It depends on what you mean by "elementary gates". Using only Pauli gates (that is, using only $X$, $Y$ and $Z$ gates), you cannot build a controlled $Z$ gate. One way to prove it is simply to show that the controlled $Z$ gate cannot be written as $A\otimes B$, with $A$ and $B$ being unitary matrices.
However, if we allow ourselves to use gates from the Clifford group, it is easy to build a controlled $Z$ gate using $I\otimes H$ gates and a CNOT gate:
$$\begin{align}(I\otimes H)\mathsf{C}X(I\otimes H) &= \frac12\begin{pmatrix}1&1&0&0\\1&-1&0&0\\0&0&1&1\\0&0&1&-1\end{pmatrix}\begin{pmatrix}1&0&0&0\\0&1&0&0\\0&0&0&1\\0&0&1&0\end{pmatrix}\begin{pmatrix}1&1&0&0\\1&-1&0&0\\0&0&1&1\\0&0&1&-1\end{pmatrix}\\&=\frac12\begin{pmatrix}1&1&0&0\\1&-1&0&0\\0&0&1&1\\0&0&-1&1\end{pmatrix}\begin{pmatrix}1&1&0&0\\1&-1&0&0\\0&0&1&1\\0&0&1&-1\end{pmatrix}\\&=\begin{pmatrix}1&0&0&0\\0&1&0&0\\0&0&1&0\\0&0&0&-1\end{pmatrix}\end{align}$$
Note that the circuit we are building is a CNOT applied on the second qubit, controlled by the first one, and surrounded by two $H$ gates on the second qubit.

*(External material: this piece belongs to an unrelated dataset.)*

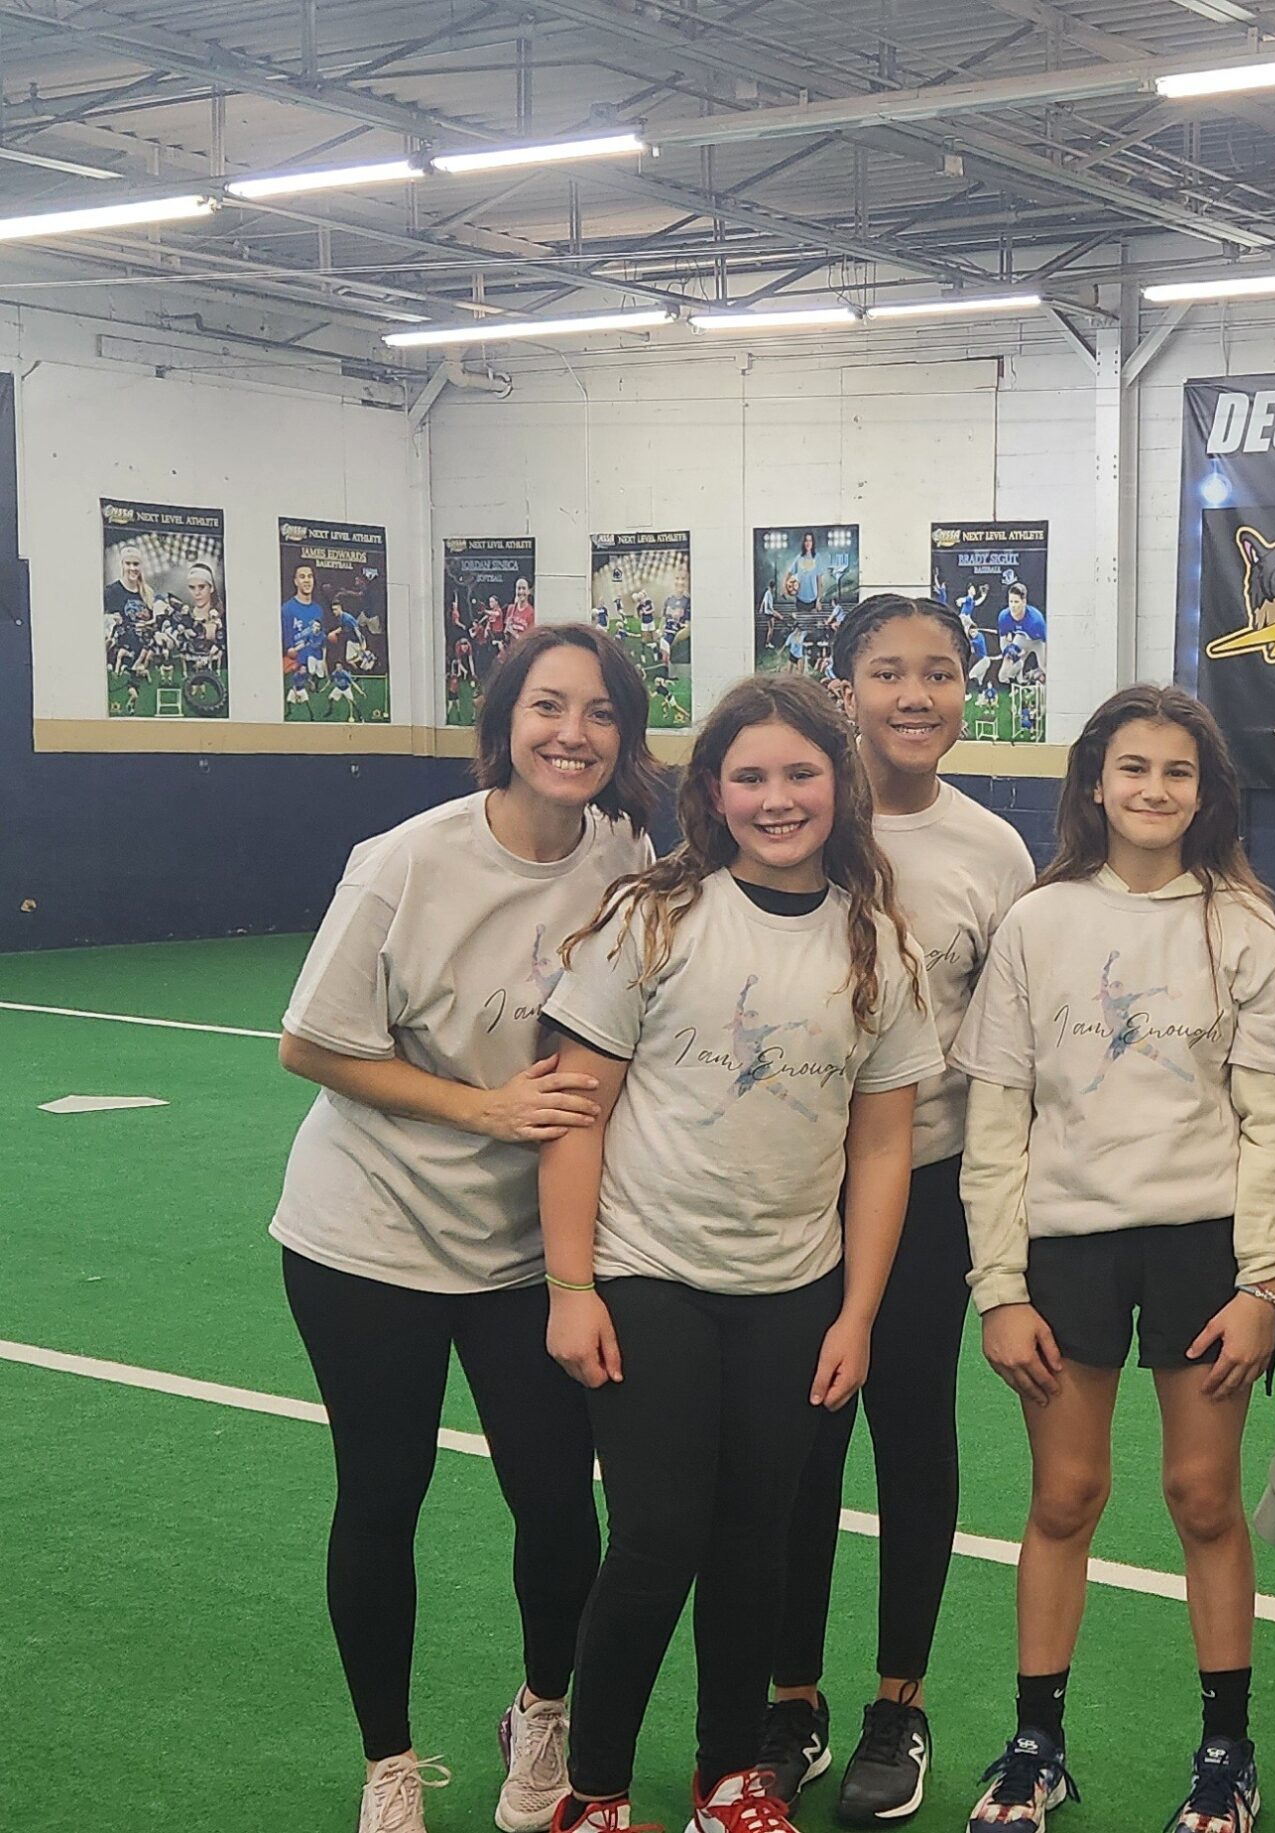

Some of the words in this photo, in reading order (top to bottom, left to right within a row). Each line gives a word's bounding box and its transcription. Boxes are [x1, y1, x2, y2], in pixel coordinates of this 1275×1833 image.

It is however way easier to reason on the basis states. A common relation that may be useful to know is $HXH=Z$. Thus, if the first qubit is in state $|0\rangle$, we apply on the second qubit $HH=I$, but if the first qubit is in state $|1\rangle$, we apply $HXH=Z$, which is the behavior of a controlled-$Z$ gate.